■ What the task requires ■
Copy the entries below word for word, but omit any pictures they contain.

----

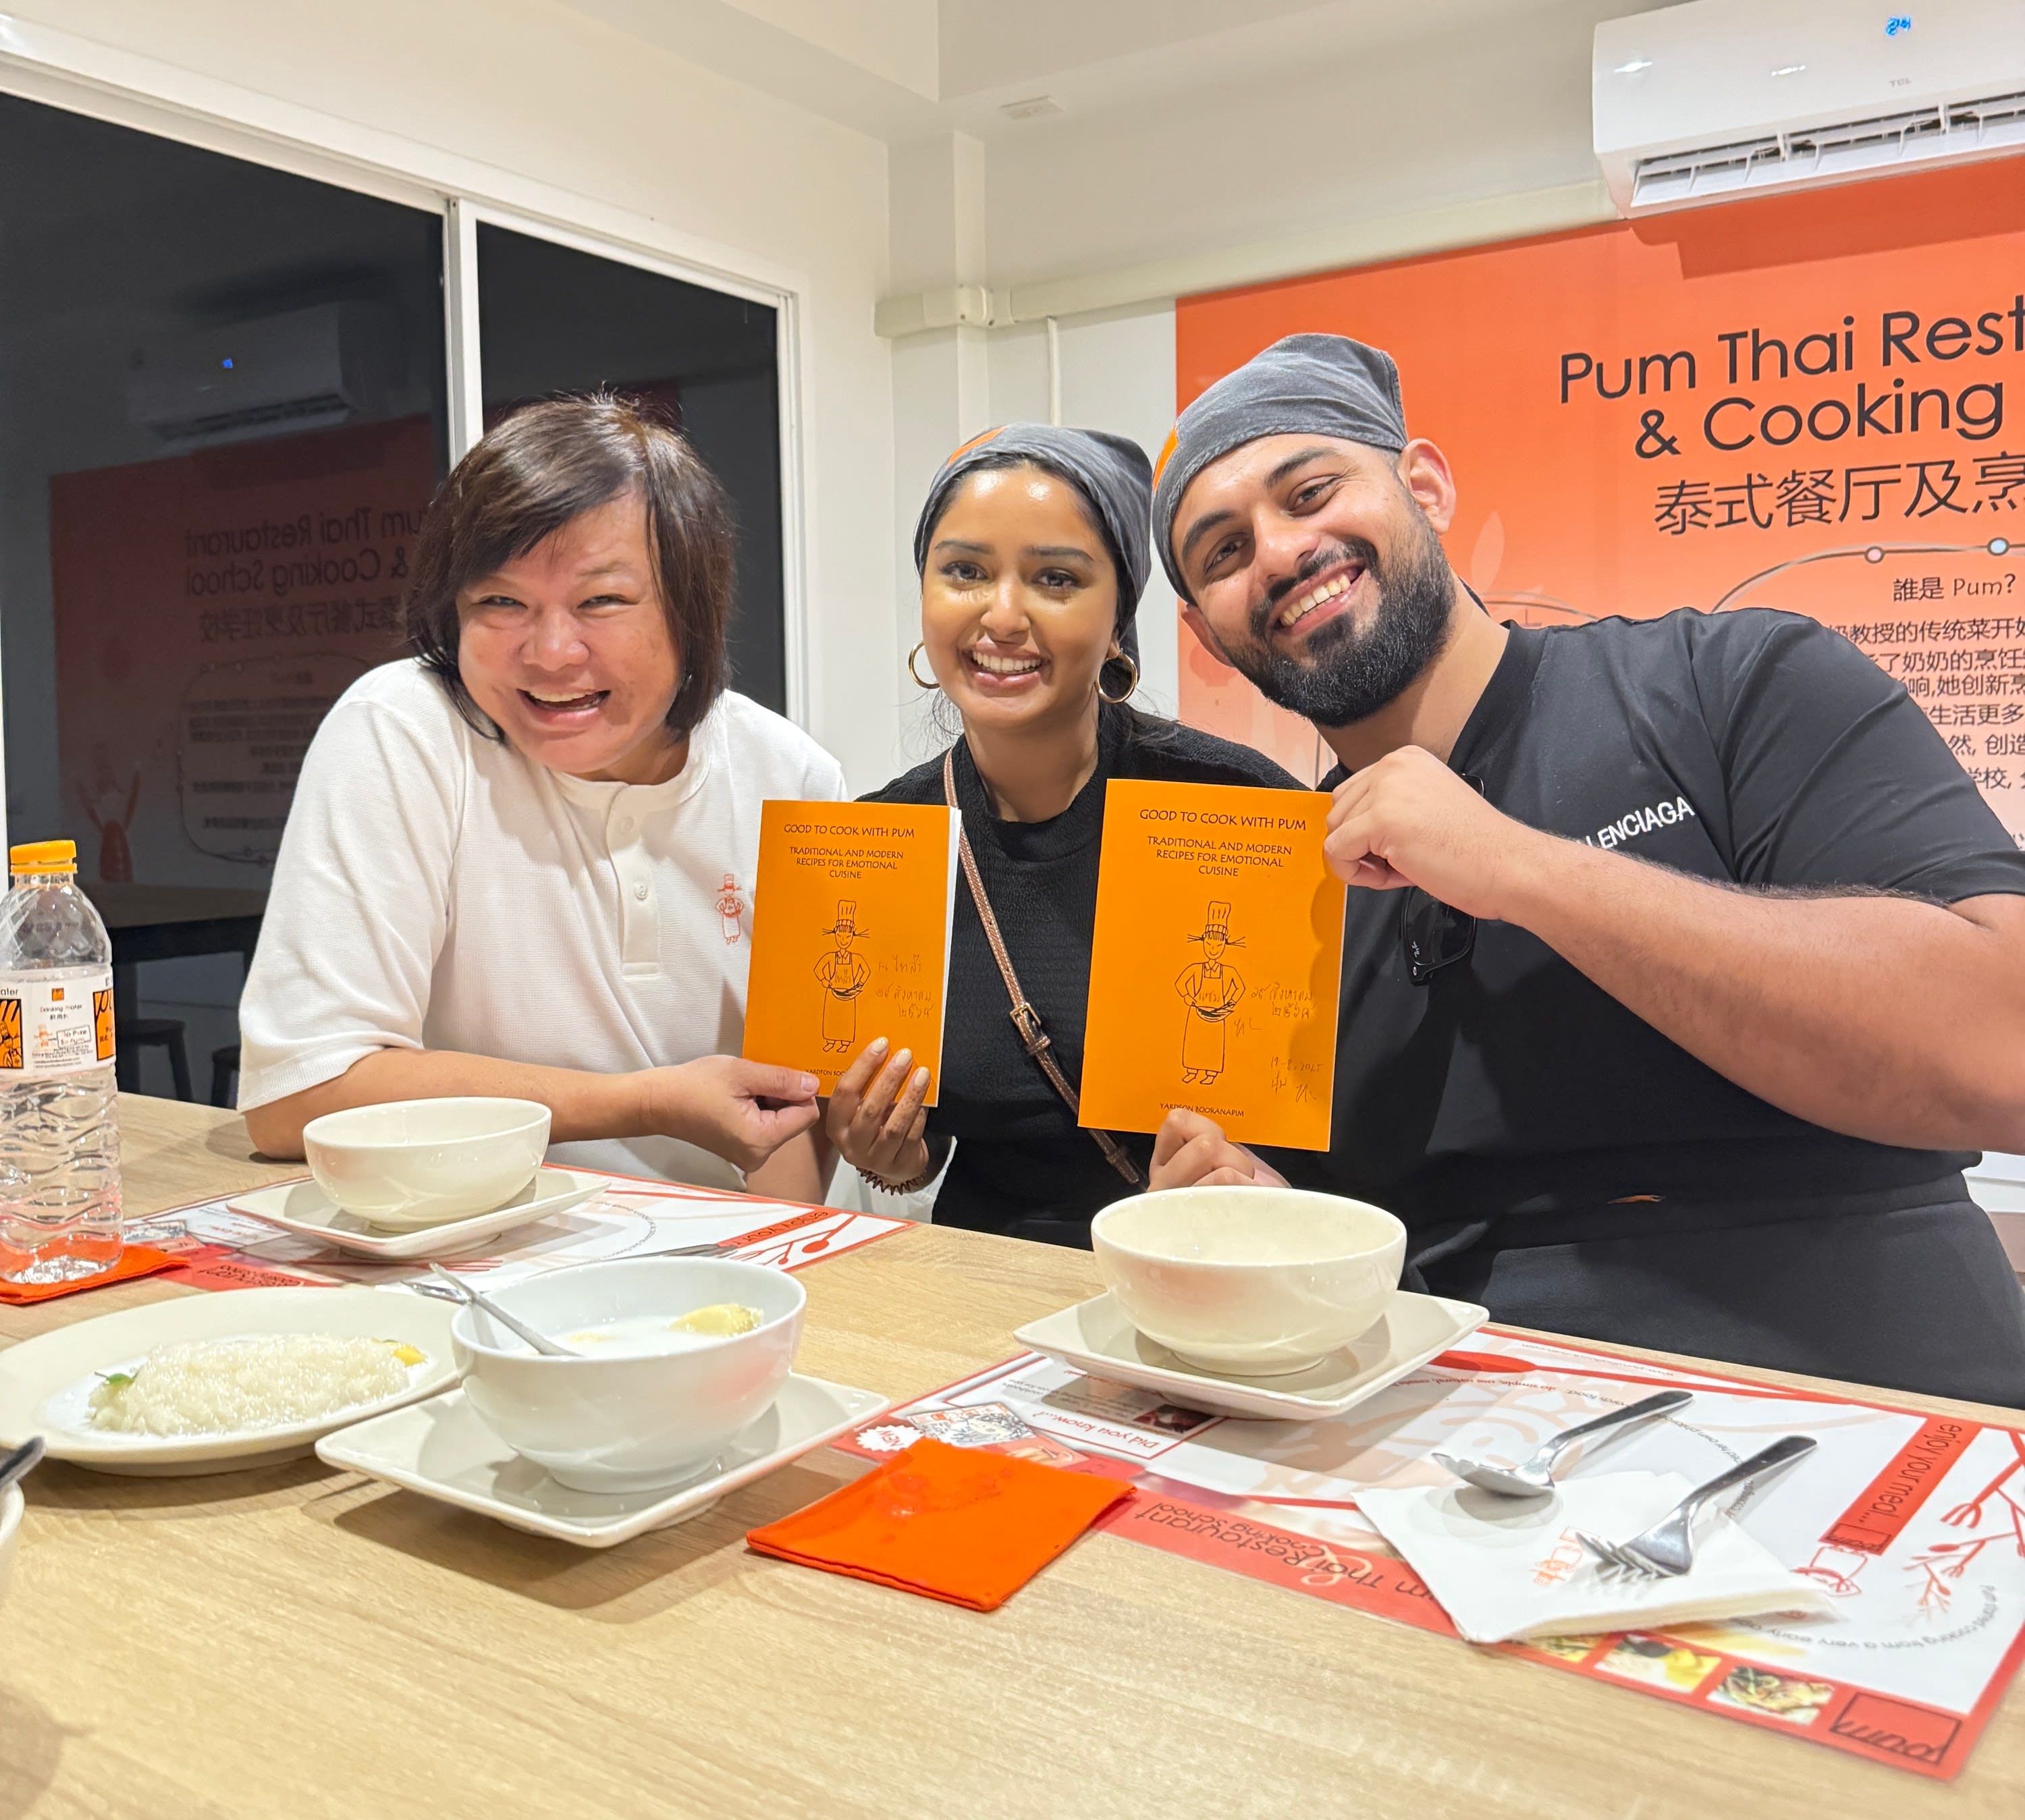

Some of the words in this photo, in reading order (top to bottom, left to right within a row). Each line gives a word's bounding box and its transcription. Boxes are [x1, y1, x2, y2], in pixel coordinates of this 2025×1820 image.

[1560, 351, 1696, 404] Pum
[1718, 315, 1855, 384] Thai
[1882, 294, 2025, 366] Rest
[1634, 409, 1681, 459] &
[1704, 378, 2003, 451] Cooking
[1654, 451, 2025, 535] 泰式餐厅及烹
[1953, 574, 2016, 597] Pum?
[1924, 703, 2024, 726] 生活更多
[1140, 809, 1177, 821] GOOD
[1181, 811, 1197, 823] TO
[1200, 812, 1238, 826] COOK
[1241, 816, 1274, 829] WITH
[1278, 818, 1307, 831] PUM
[784, 823, 812, 834] GOOD
[813, 825, 828, 835] TO
[829, 825, 860, 836] COOK
[861, 827, 889, 837] WITH
[892, 827, 915, 838] PUM
[789, 846, 844, 857] TRADITIONAL
[844, 848, 865, 858] AND
[866, 850, 904, 859] MODERN
[1147, 836, 1217, 850] TRADITIONAL
[1218, 842, 1243, 852] AND
[1245, 844, 1292, 856] MODERN
[795, 858, 826, 867] RECIPES
[828, 858, 844, 868] FOR
[845, 860, 898, 870] EMOTIONAL
[1156, 849, 1195, 860] RECIPES
[1197, 852, 1218, 862] FOR
[1220, 854, 1285, 868] EMOTIONAL
[829, 869, 862, 879] CUISINE
[1198, 865, 1239, 877] CUISINE
[1195, 1107, 1245, 1118] BOORANAPIM
[875, 1430, 905, 1447] NEW
[1098, 1426, 1130, 1439] you
[1129, 1435, 1160, 1449] Did
[1914, 1423, 1962, 1455] enjoy
[1895, 1454, 1937, 1483] your
[1135, 1507, 1308, 1569] Restaurant
[1312, 1559, 1384, 1589] Thai
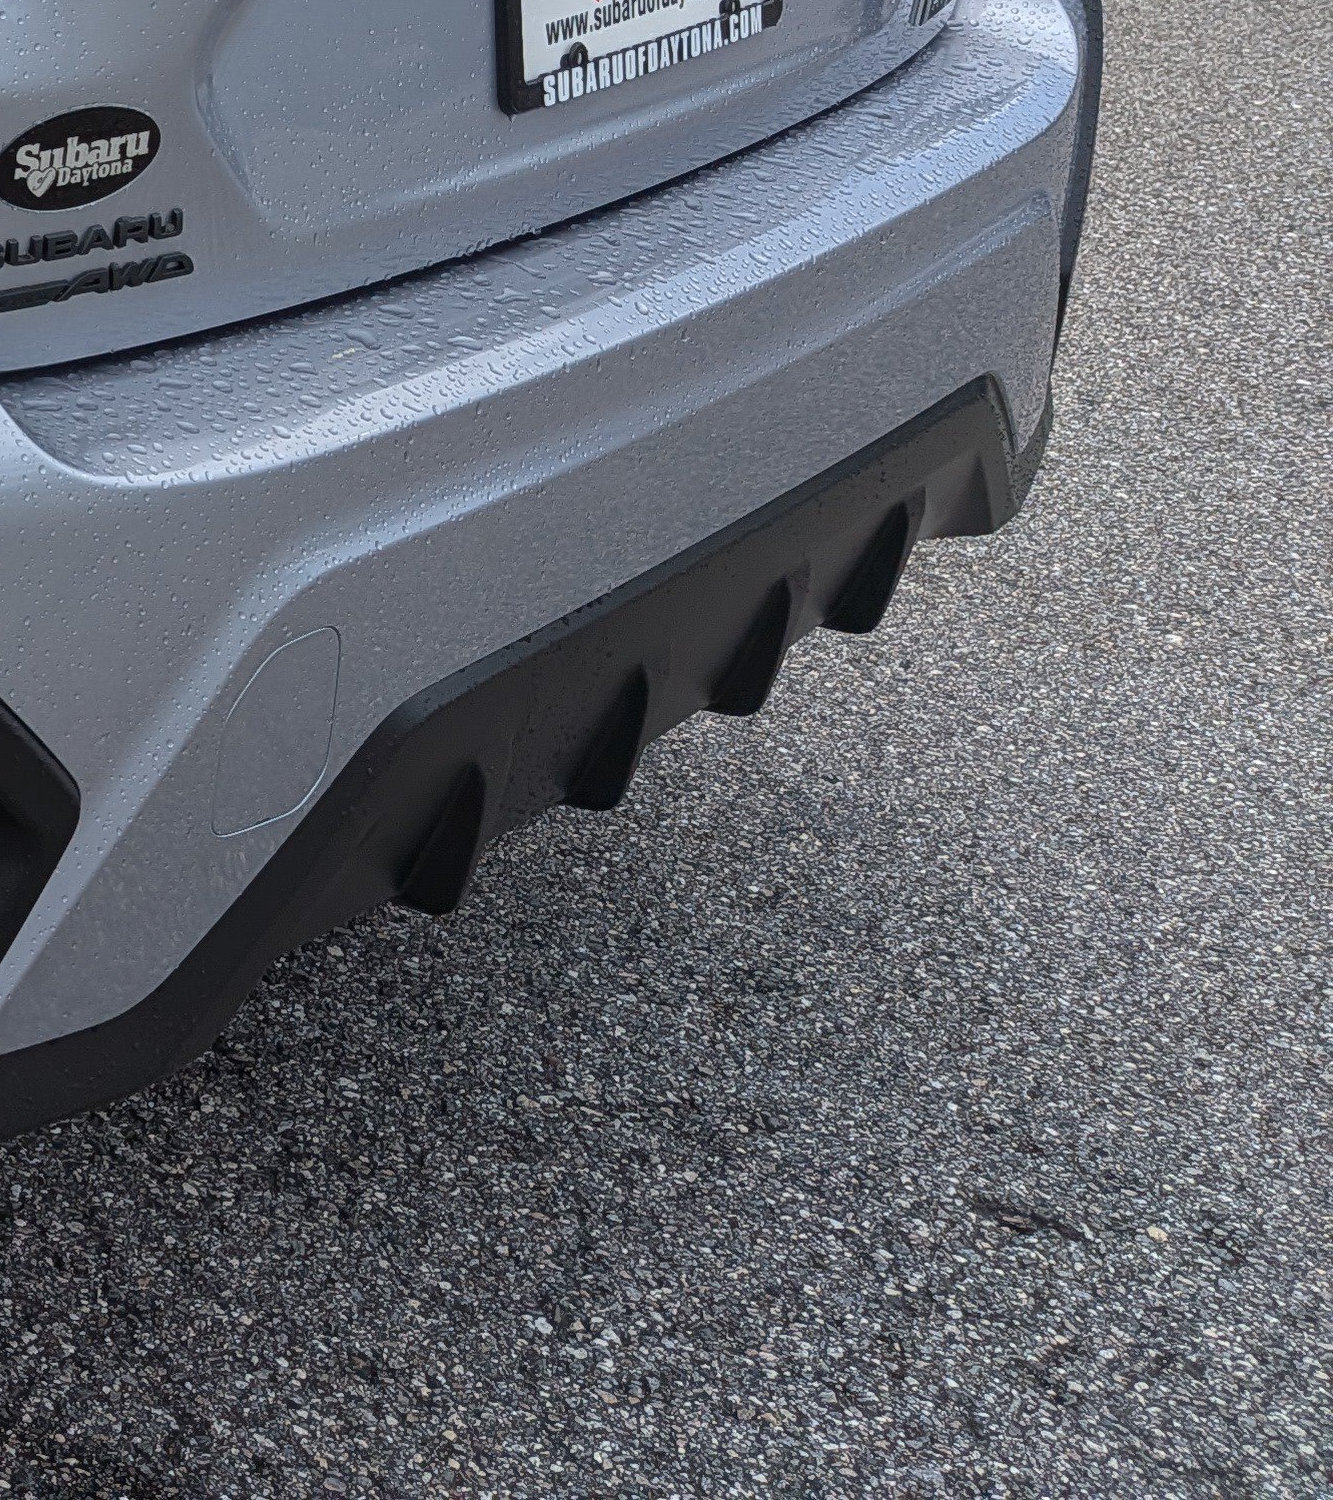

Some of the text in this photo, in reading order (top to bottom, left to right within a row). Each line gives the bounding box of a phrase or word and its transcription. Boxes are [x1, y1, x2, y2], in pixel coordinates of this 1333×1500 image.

[542, 4, 763, 107] SUBARUOFDAYTONA.COM
[14, 130, 151, 180] Subaru
[56, 157, 134, 187] Daytona
[52, 250, 195, 302] AWD

----

■ Output for this task ■
Some of the words in this photo, in reading order (top to bottom, left to right within a row). Each line gives a word's bounding box and its transcription. Boxes are [x1, y1, x2, y2], in pixel coordinates of this 2025×1820 image.

[1560, 351, 1696, 404] Pum
[1718, 315, 1855, 384] Thai
[1882, 294, 2025, 366] Rest
[1634, 409, 1681, 459] &
[1704, 378, 2003, 451] Cooking
[1654, 451, 2025, 535] 泰式餐厅及烹
[1953, 574, 2016, 597] Pum?
[1924, 703, 2024, 726] 生活更多
[1140, 809, 1177, 821] GOOD
[1181, 811, 1197, 823] TO
[1200, 812, 1238, 826] COOK
[1241, 816, 1274, 829] WITH
[1278, 818, 1307, 831] PUM
[784, 823, 812, 834] GOOD
[813, 825, 828, 835] TO
[829, 825, 860, 836] COOK
[861, 827, 889, 837] WITH
[892, 827, 915, 838] PUM
[789, 846, 844, 857] TRADITIONAL
[844, 848, 865, 858] AND
[866, 850, 904, 859] MODERN
[1147, 836, 1217, 850] TRADITIONAL
[1218, 842, 1243, 852] AND
[1245, 844, 1292, 856] MODERN
[795, 858, 826, 867] RECIPES
[828, 858, 844, 868] FOR
[845, 860, 898, 870] EMOTIONAL
[1156, 849, 1195, 860] RECIPES
[1197, 852, 1218, 862] FOR
[1220, 854, 1285, 868] EMOTIONAL
[829, 869, 862, 879] CUISINE
[1198, 865, 1239, 877] CUISINE
[1195, 1107, 1245, 1118] BOORANAPIM
[875, 1430, 905, 1447] NEW
[1098, 1426, 1130, 1439] you
[1129, 1435, 1160, 1449] Did
[1914, 1423, 1962, 1455] enjoy
[1895, 1454, 1937, 1483] your
[1135, 1507, 1308, 1569] Restaurant
[1312, 1559, 1384, 1589] Thai

Some of the text in this photo, in reading order (top to bottom, left to right within a row). Each line gives the bounding box of a phrase or word and its transcription. Boxes are [x1, y1, x2, y2], in pixel coordinates of this 1333×1500 image.

[542, 4, 763, 107] SUBARUOFDAYTONA.COM
[14, 130, 151, 180] Subaru
[56, 157, 134, 187] Daytona
[52, 250, 195, 302] AWD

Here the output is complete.